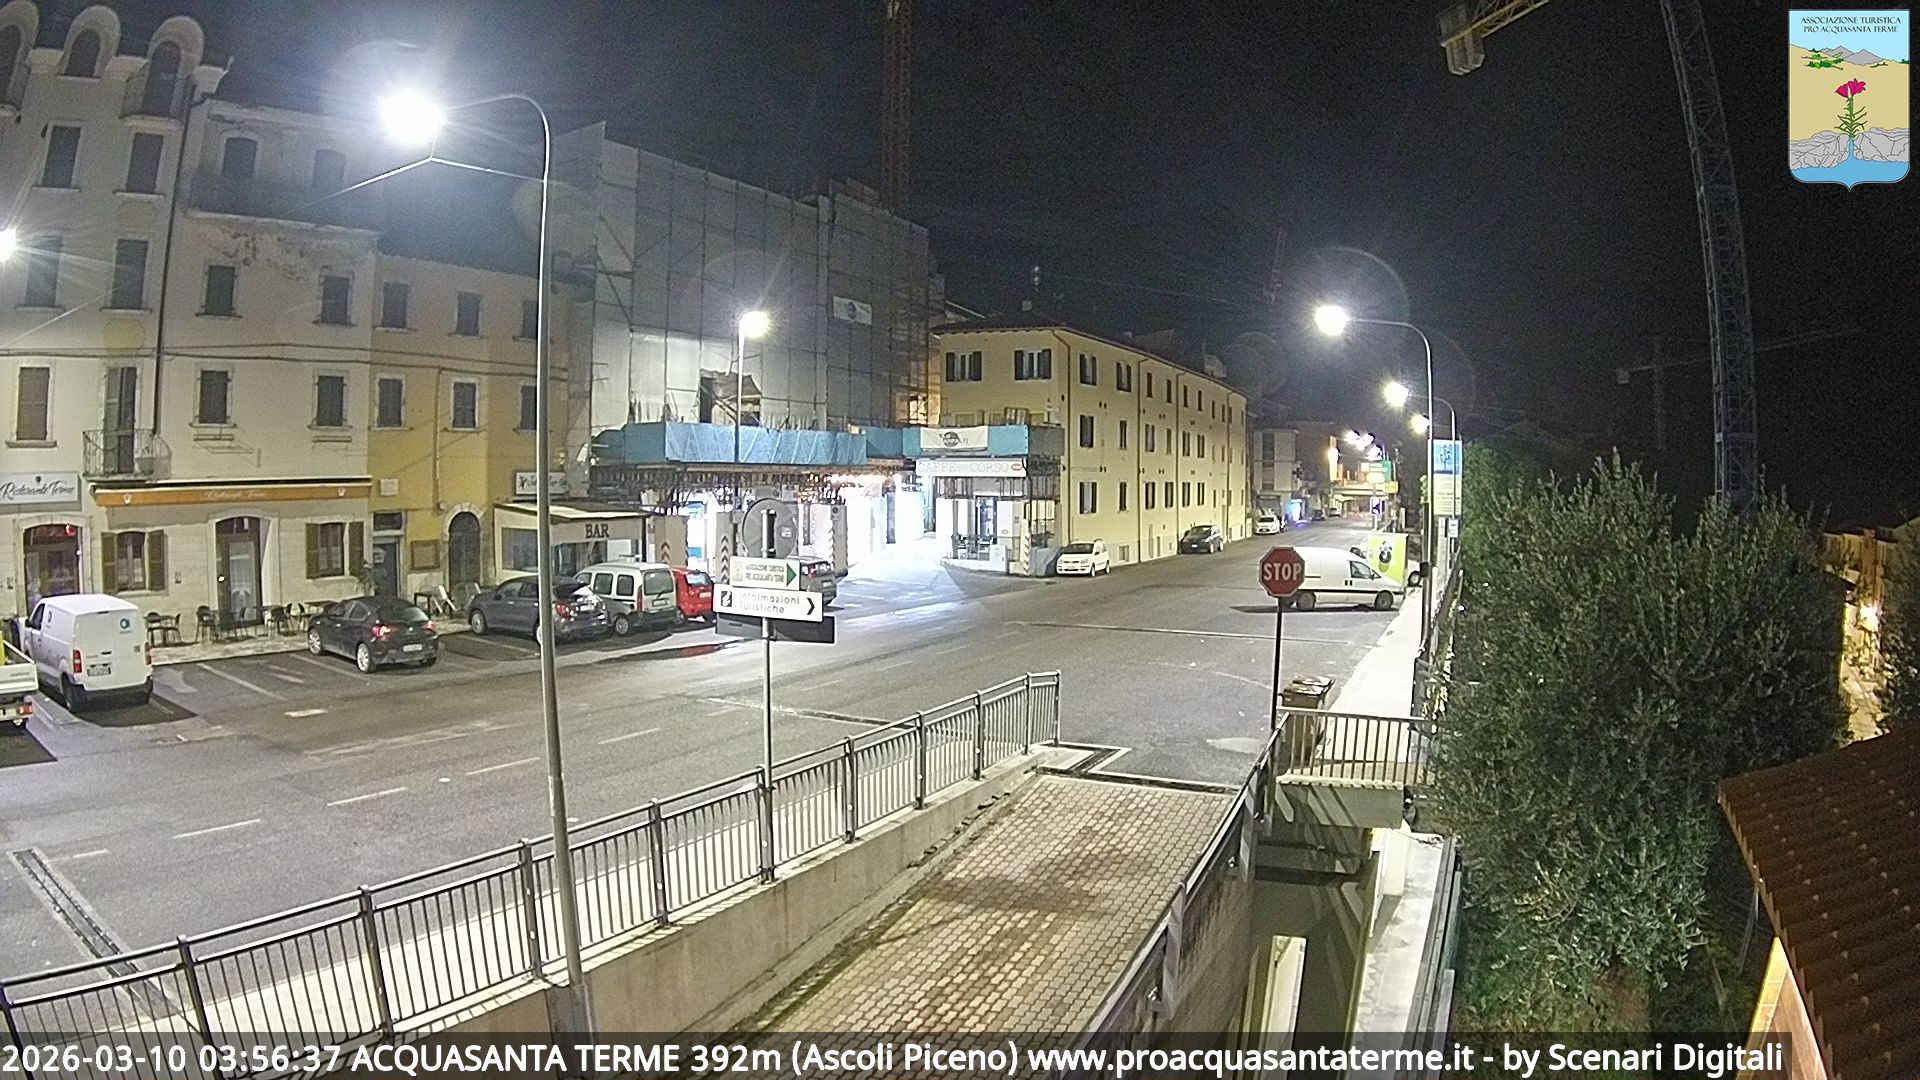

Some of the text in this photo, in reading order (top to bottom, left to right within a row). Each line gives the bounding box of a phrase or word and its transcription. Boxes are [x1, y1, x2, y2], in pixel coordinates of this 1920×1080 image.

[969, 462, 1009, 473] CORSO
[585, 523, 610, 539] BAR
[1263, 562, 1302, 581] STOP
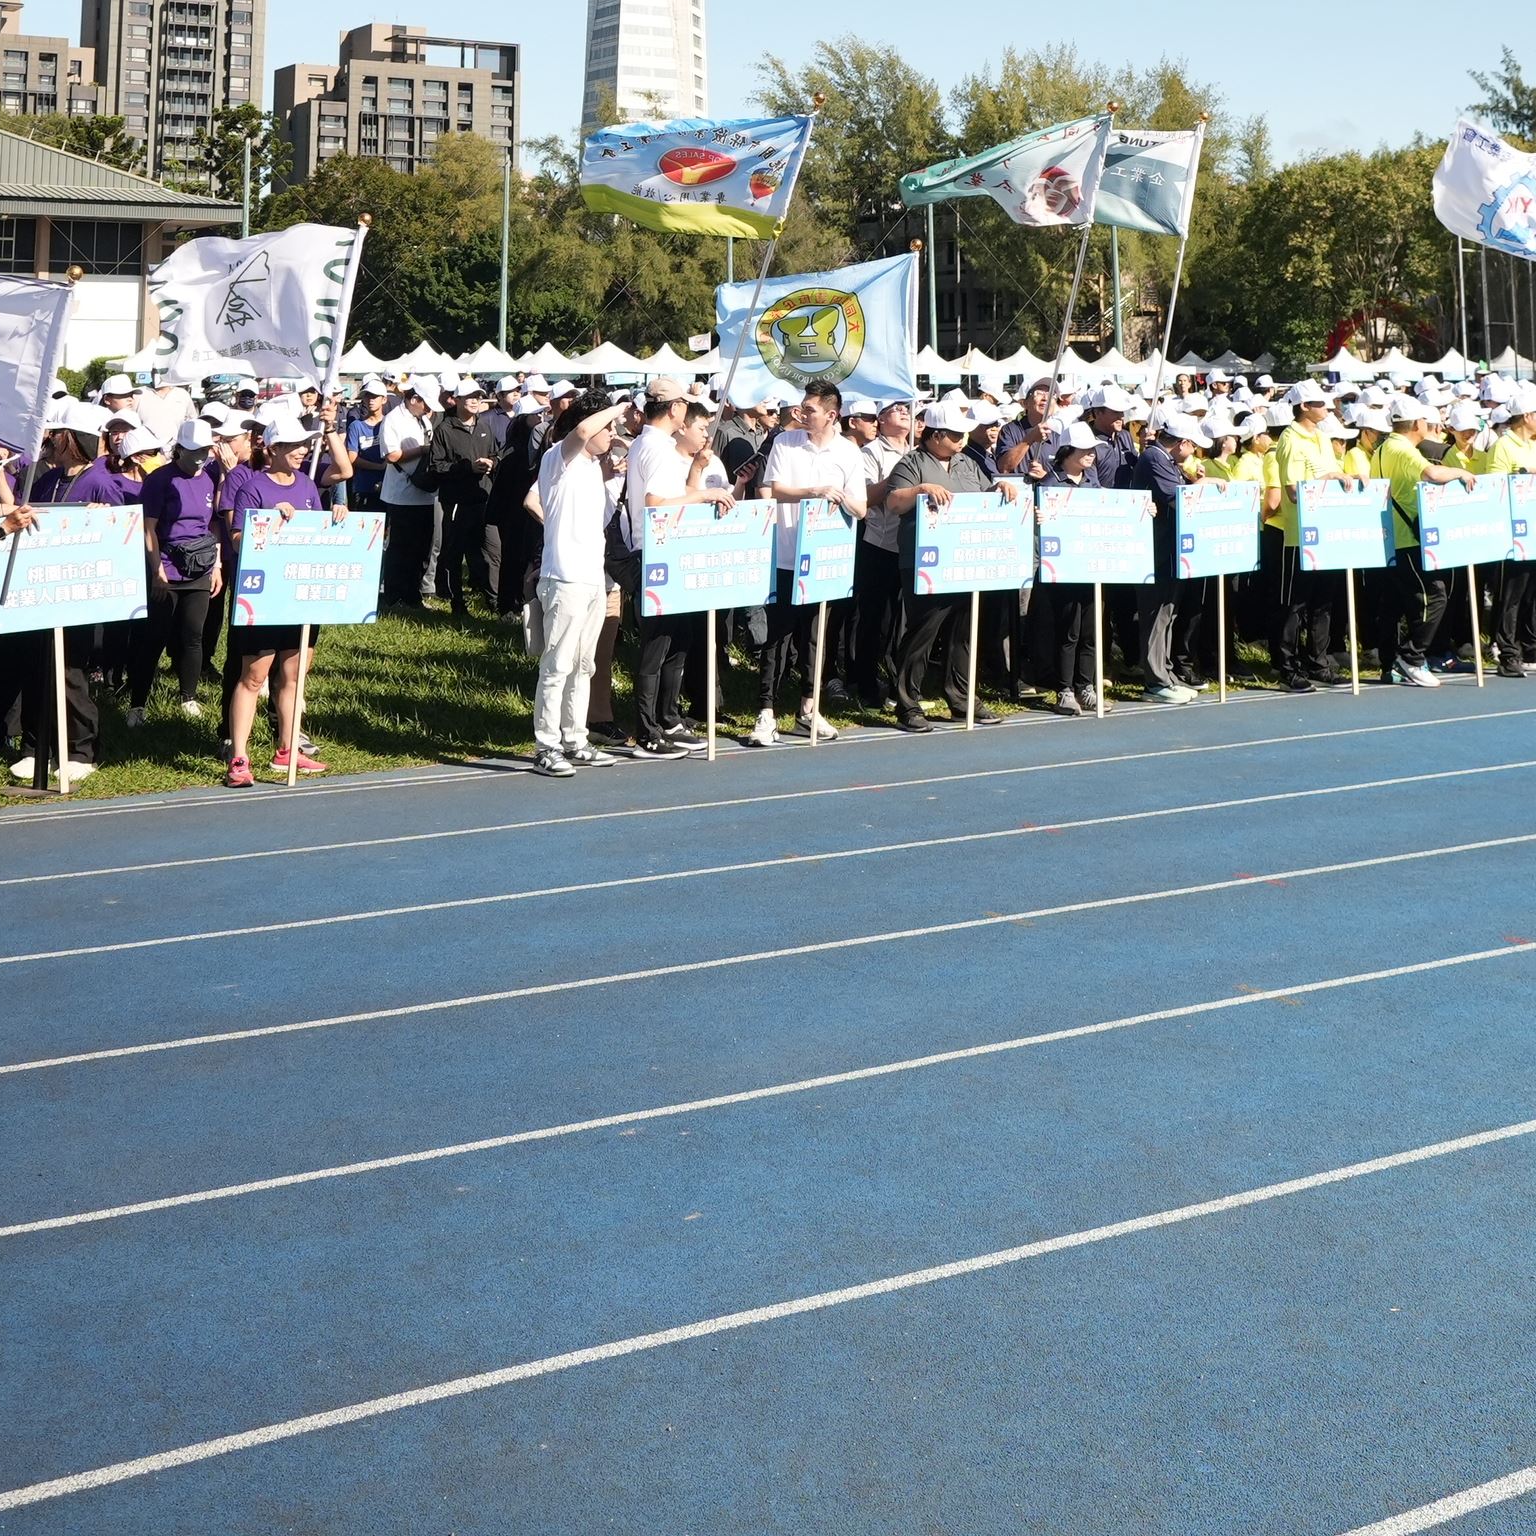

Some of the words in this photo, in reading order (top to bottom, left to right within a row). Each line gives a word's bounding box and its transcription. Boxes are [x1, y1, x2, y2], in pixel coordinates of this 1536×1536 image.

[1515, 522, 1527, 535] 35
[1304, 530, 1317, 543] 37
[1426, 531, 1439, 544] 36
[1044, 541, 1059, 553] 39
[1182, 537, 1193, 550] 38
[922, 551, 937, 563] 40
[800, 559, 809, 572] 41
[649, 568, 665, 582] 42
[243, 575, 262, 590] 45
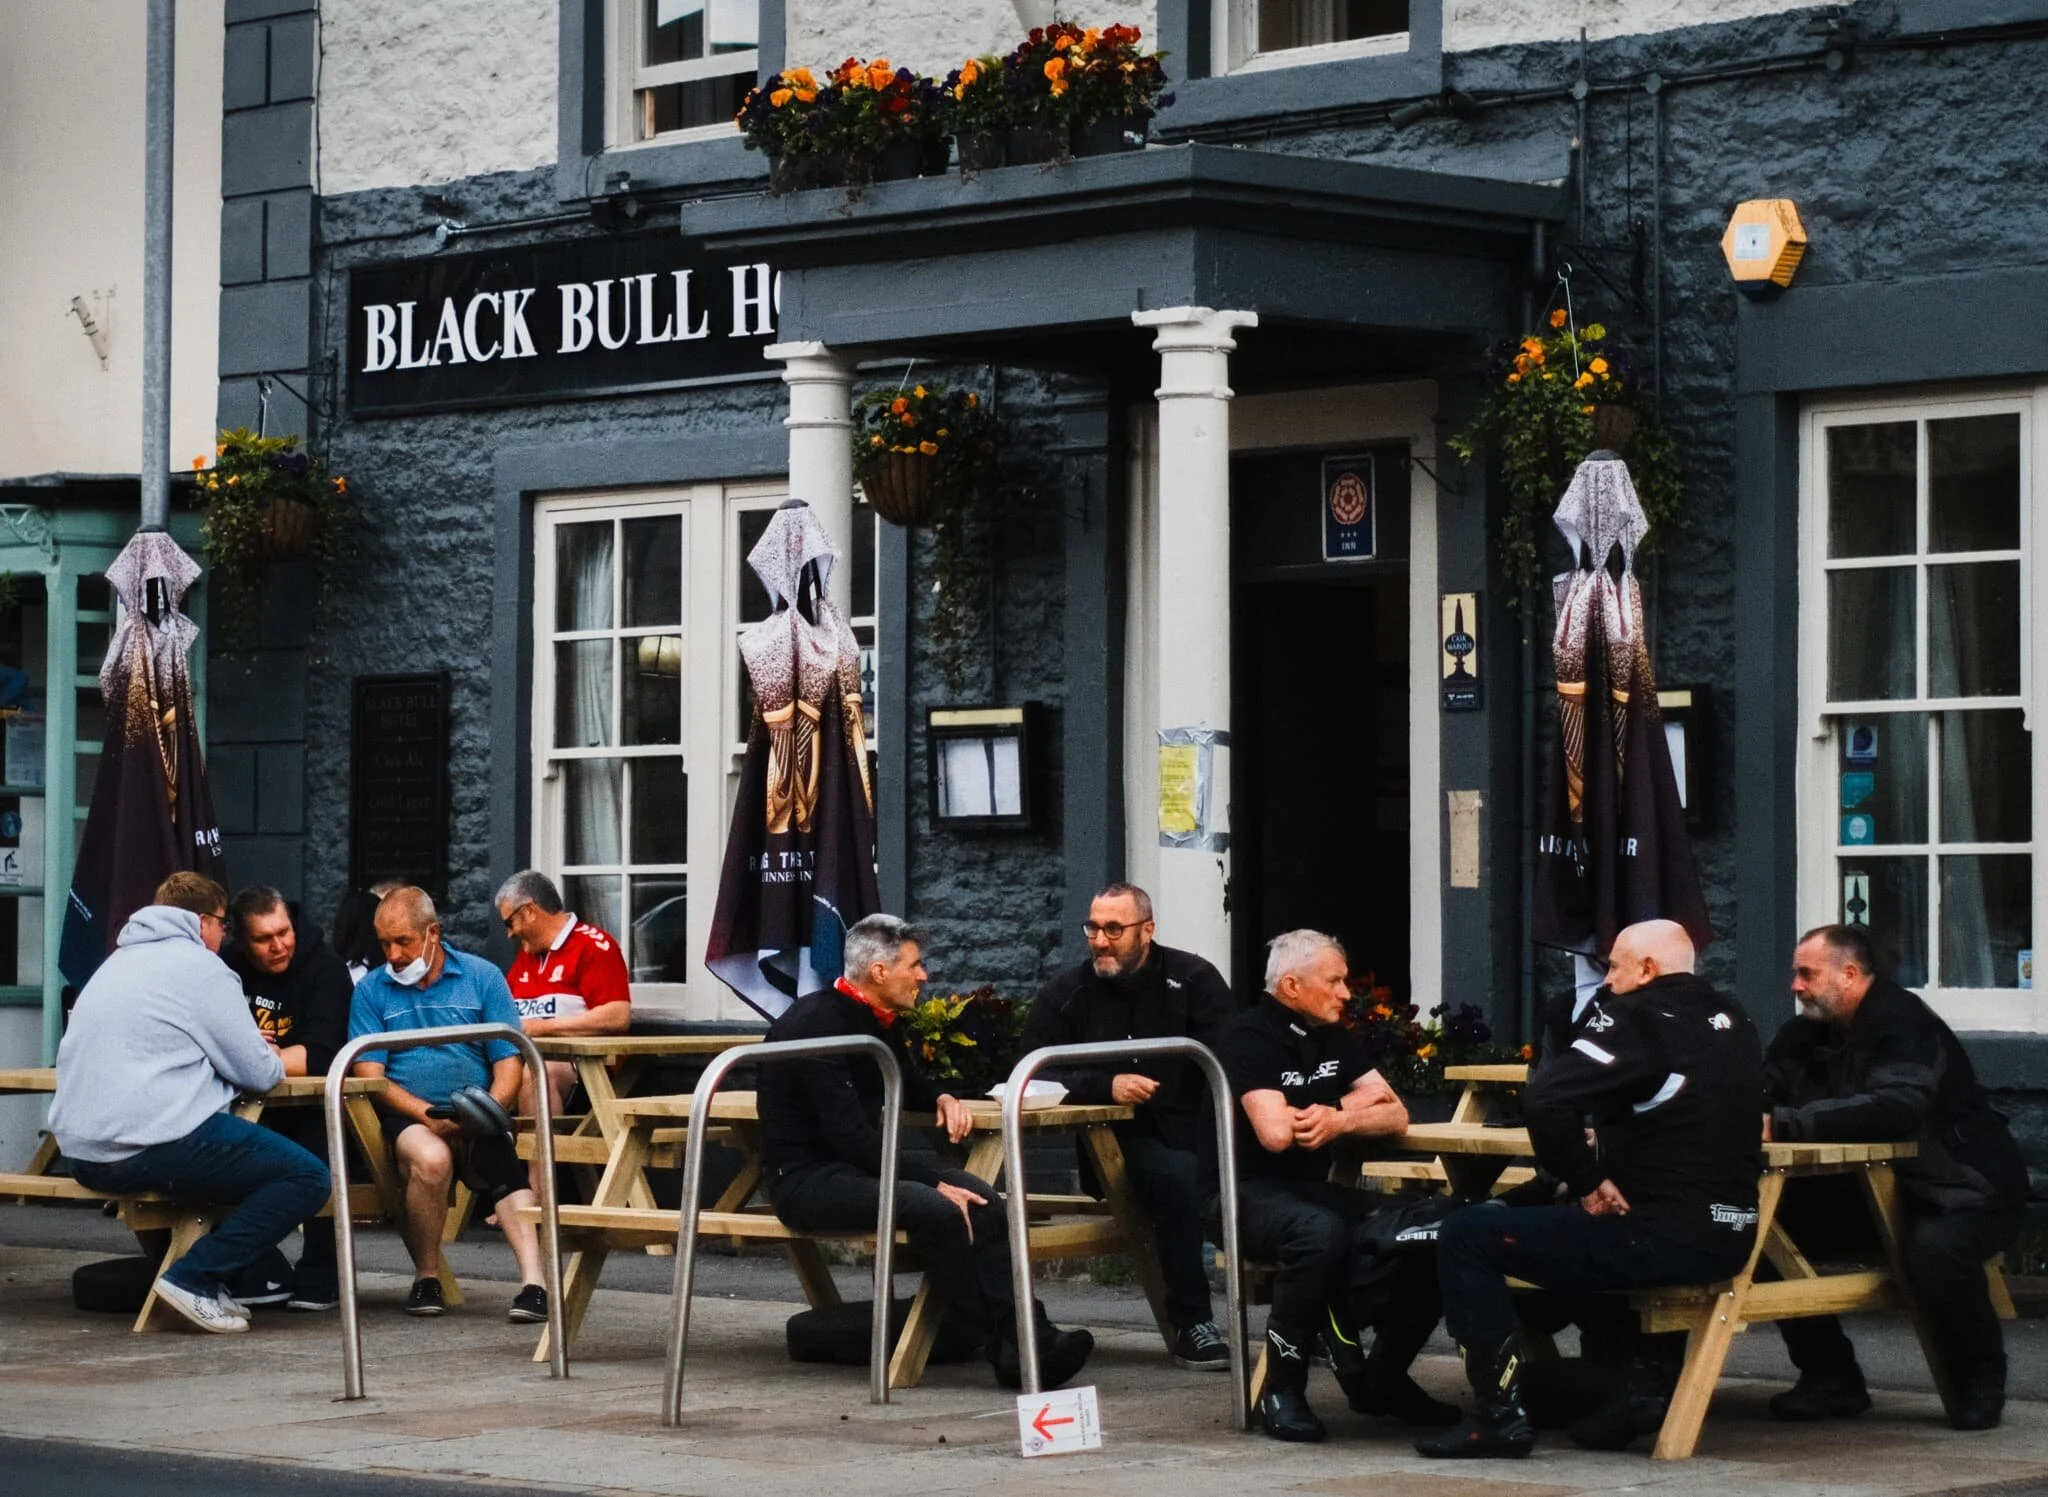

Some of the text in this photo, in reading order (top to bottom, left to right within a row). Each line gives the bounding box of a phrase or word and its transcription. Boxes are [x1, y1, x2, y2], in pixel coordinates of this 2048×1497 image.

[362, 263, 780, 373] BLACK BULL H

------------------------------

[HOW TO COMPLETE THIS TASK]
From the first line to the last, output the data exactly, without the pictures.

[ANSWER FOR THE TASK]
Some of the text in this photo, in reading order (top to bottom, left to right within a row). Each line gives the bounding box of a phrase or word and its transcription. Boxes are [x1, y1, x2, y2], in pixel coordinates of this 1920×1080 image.

[969, 462, 1009, 473] CORSO
[585, 523, 610, 539] BAR
[1263, 562, 1302, 581] STOP

Some of the words in this photo, in reading order (top to bottom, left to right within a row). Each line gives a word's bounding box and its transcription. Boxes are [x1, y1, x2, y2], in pixel coordinates of this 1536×1536 image.

[1515, 522, 1527, 535] 35
[1304, 530, 1317, 543] 37
[1426, 531, 1439, 544] 36
[1044, 541, 1059, 553] 39
[1182, 537, 1193, 550] 38
[922, 551, 937, 563] 40
[800, 559, 809, 572] 41
[649, 568, 665, 582] 42
[243, 575, 262, 590] 45

Some of the text in this photo, in reading order (top to bottom, left to right within a row). Each line gives the bounding box of a phrase or word and its transcription. Boxes are [x1, y1, x2, y2], in pixel coordinates of this 2048×1497 image.

[362, 263, 780, 373] BLACK BULL H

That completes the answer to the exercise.